I know that there are two camps, more or less "fundamentalist" pro and anti Made in Japan. It is true that there is sometimes a bit of snobbery, I happened to fall on Japanese not particularly interesting or overvalued. I played on Gibson (Les Paul Standard 95 Les Paul Gary Moore Signature, Faded SG, SG Standard 94 and 61 RI 2002) but also on the Jap (Bacchus Duke Standard, Tokai Love Rock 95 Orville Les Paul Standard, Orville Flying V 67 and Burny SG in the late 70s). I'm not a big fan of Tokai, yet better than most of the current Gibson, pretty close to what was Gibson in the 90s (better finish). For Bacchus, I let you see me, it's a Les Paul a little typical, but whose qualities put a slap in the prod Nashville. Burny is a good alternative to Tokai, we remain in the midrange that said, but with a great value for money.

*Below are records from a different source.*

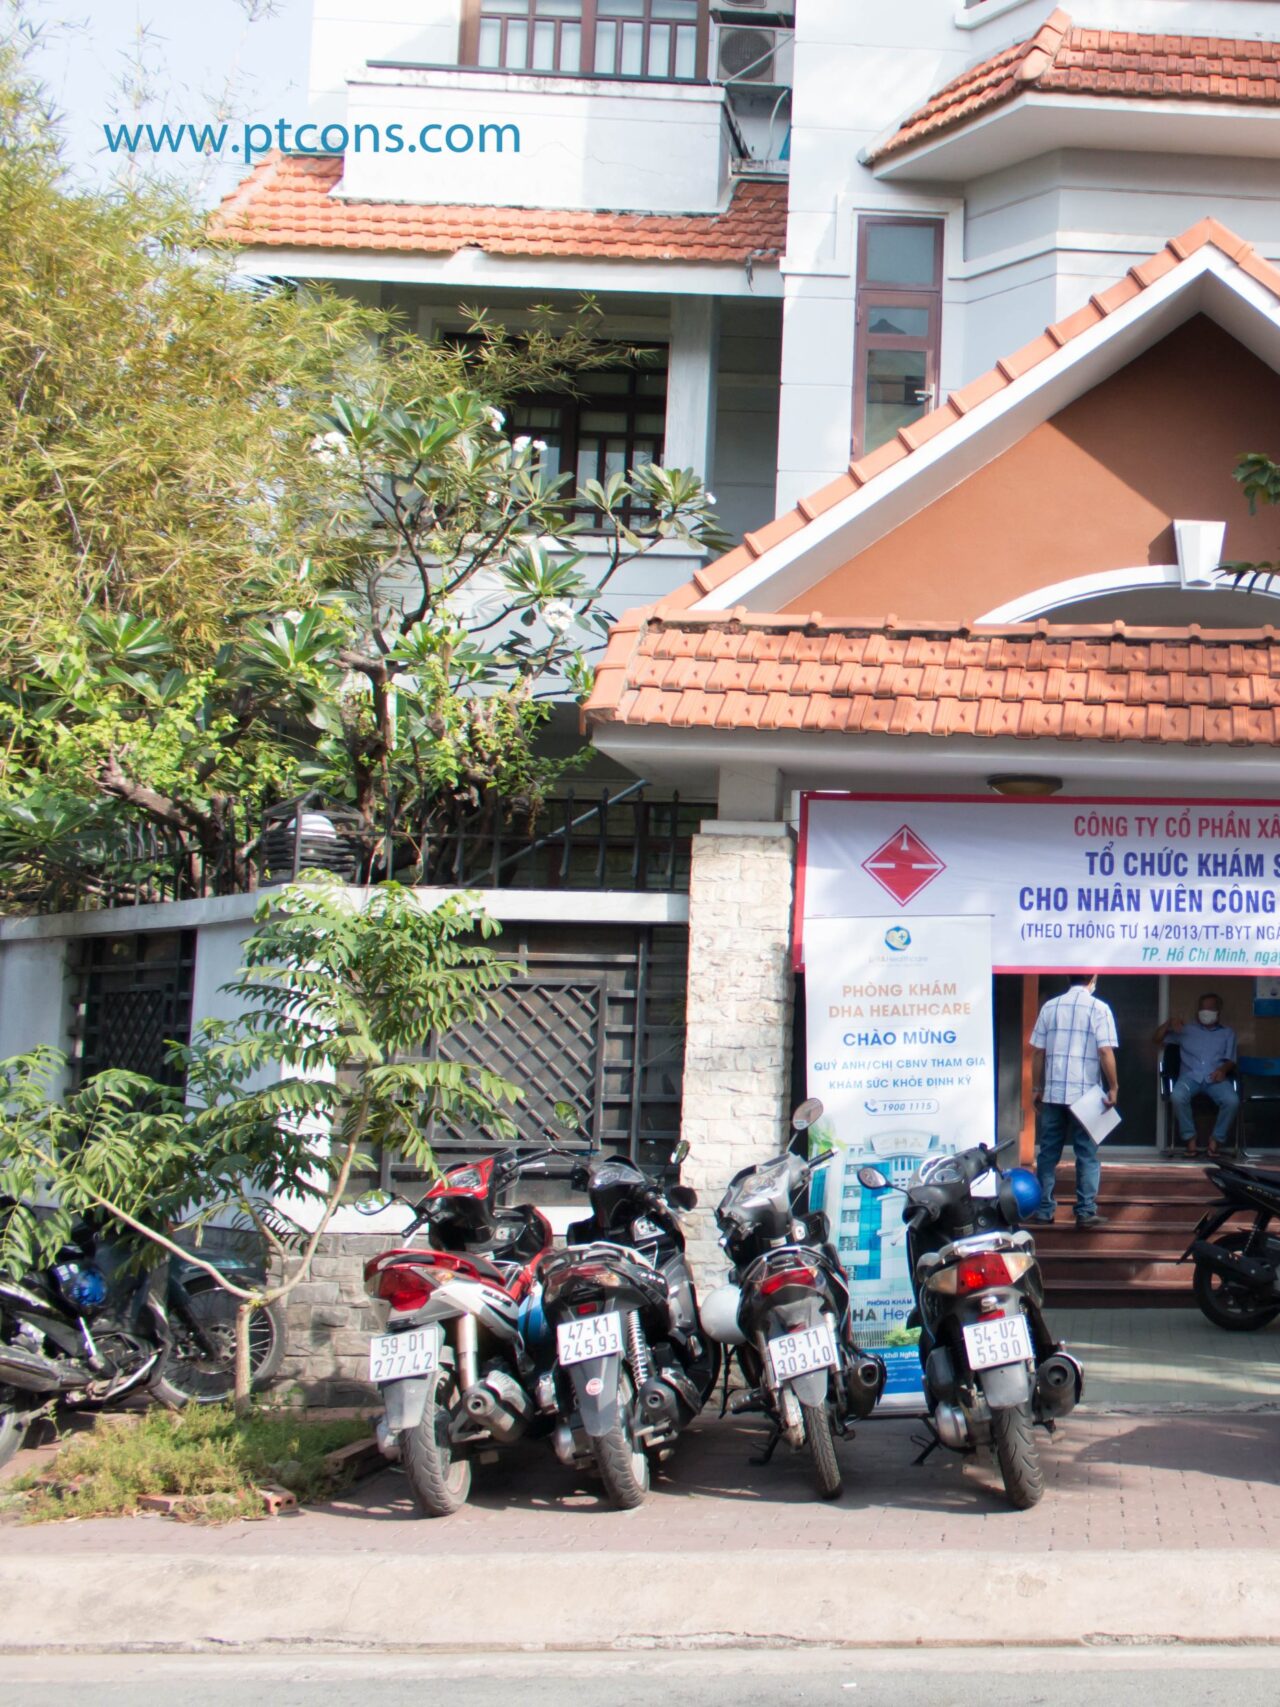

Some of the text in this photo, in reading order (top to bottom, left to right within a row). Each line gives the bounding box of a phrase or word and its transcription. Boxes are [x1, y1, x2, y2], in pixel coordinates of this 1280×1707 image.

[1073, 811, 1128, 838] CÔNG
[1134, 816, 1159, 838] TY
[1165, 808, 1191, 839] CỔ
[1197, 810, 1251, 839] PHẦN
[1085, 841, 1115, 876] TỔ
[1123, 846, 1189, 877] CHỨC
[1197, 847, 1265, 877] KHÁM
[1019, 886, 1068, 912] CHO
[1077, 882, 1141, 912] NHÂN
[1150, 883, 1203, 913] VIÊN
[1212, 883, 1276, 914] CÔNG
[1020, 923, 1063, 942] (THEO
[1067, 921, 1115, 940] THÔNG
[1120, 923, 1139, 940] TƯ
[1144, 924, 1252, 942] 14/2013/TT-BYT
[1141, 947, 1161, 962] TP.
[1189, 947, 1210, 962] Chí
[1213, 948, 1249, 965] Minh,
[842, 980, 958, 998] PHÒNG KHÁM
[828, 1002, 972, 1019] DHA HEALTHCARE
[843, 1027, 958, 1047] CHÀO MỪNG
[814, 1057, 986, 1072] QUÝ ANH/CHỊ CBNV THAM GIA
[828, 1077, 864, 1090] KHÁM
[866, 1077, 889, 1089] SỨC
[926, 1076, 954, 1090] ĐỊNH
[957, 1074, 972, 1086] KỲ
[882, 1102, 905, 1112] 1900
[567, 1317, 610, 1341] 47-K1
[972, 1321, 1018, 1345] 54-U2
[562, 1334, 619, 1361] 245.93
[778, 1333, 822, 1355] 59-T1
[978, 1340, 1022, 1366] 5590
[373, 1352, 434, 1379] 277.42
[777, 1345, 832, 1377] 303.40
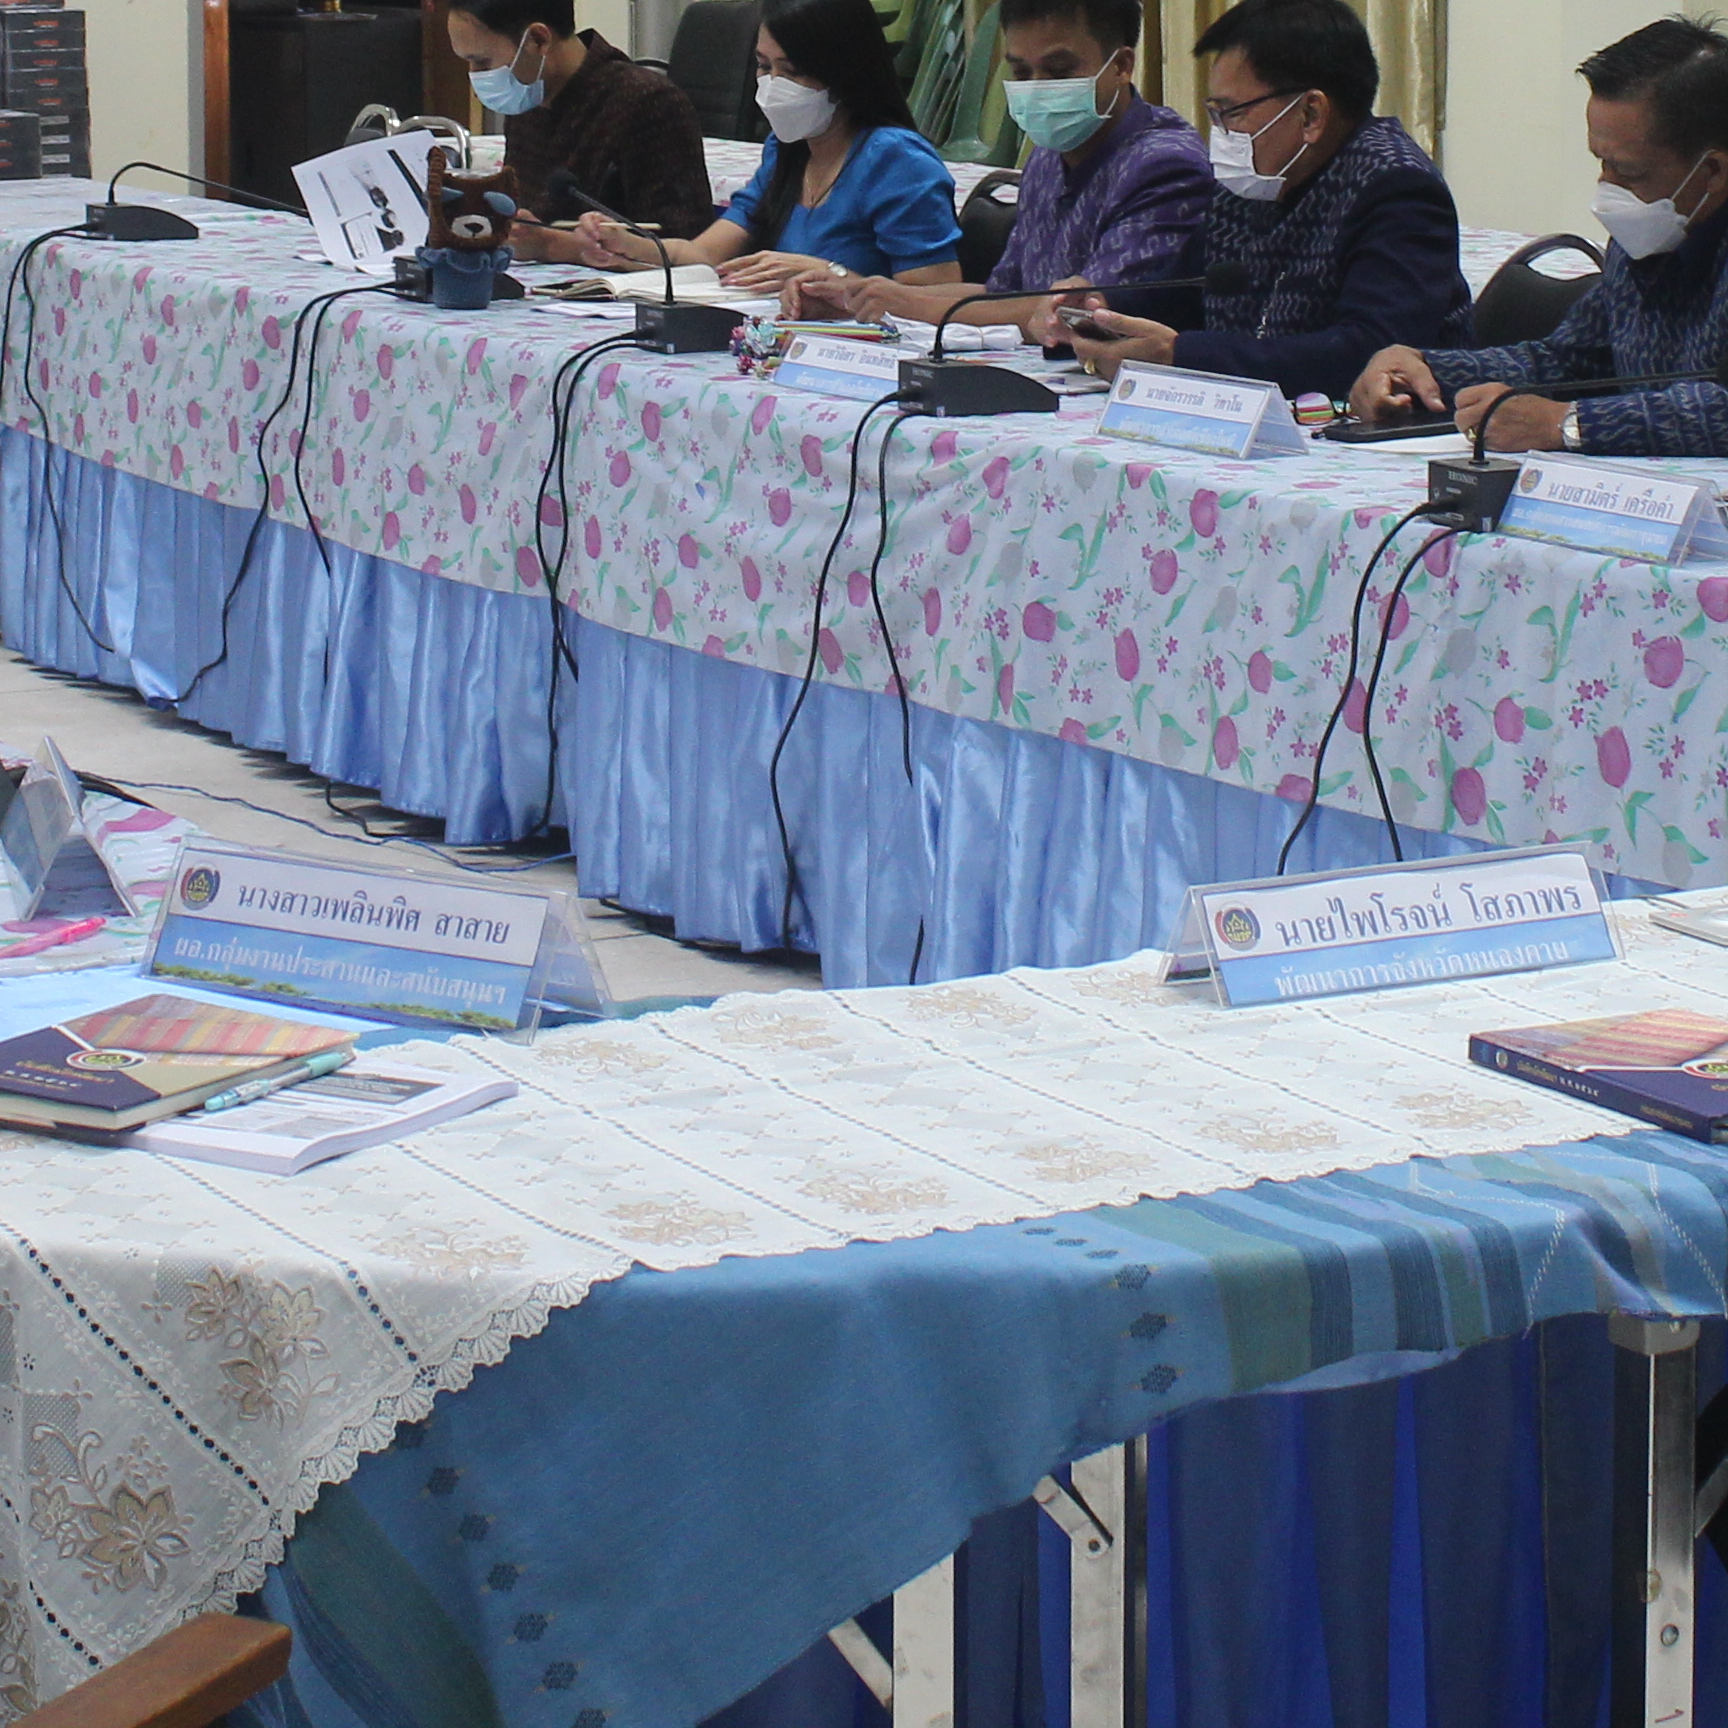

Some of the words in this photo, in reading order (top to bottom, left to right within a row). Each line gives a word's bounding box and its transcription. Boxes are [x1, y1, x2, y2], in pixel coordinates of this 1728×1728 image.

[238, 881, 421, 933] นางสาวเพลินพิศ
[434, 907, 511, 945] สาสาย
[1275, 883, 1452, 948] นายไพโรจน์
[1459, 882, 1583, 923] โสภาพร
[1275, 939, 1569, 997] พัฒนาการจังหวัดหนองคาย

Orville was part of the Gibson house, for the Japanese market with made in Japan (because they are protectionist our Japanese friends). So no surprise to grip, in terms of sound, it was proposed that more or less Gibson in the 90s, albeit with profiles handle and a different email. As my Orville Les Paul would not have had the upper hand on a Gibson 90's, as the SG is really extraordinary. It can compete without blushing with any reissue Gibson sold 3 times more expensive. Maybe I was lucky to come across a model that has really aged well, the fact is that I feel I have made the deal of the century. SG is the last upset me (and I narrowly missed ...) is a 1967 SG Special which had more comfort handle that I love (narrow round). Feeling that I have not found on other similar models from the same era.
In short, for me it's a great guitar, absolutely. And because it can compete with U.S. models given to high-end, I would say it has, in addition, an amazing value price. Even if you change the pickups, this guitar worth looking for a SG worthy of the name, the test of time and at a nice price. It is suddenly a good step up from what may propose Tokai (upscale), above my Burny (though I love), I only see Bacchus to compete in the MIJ. I'm crazy!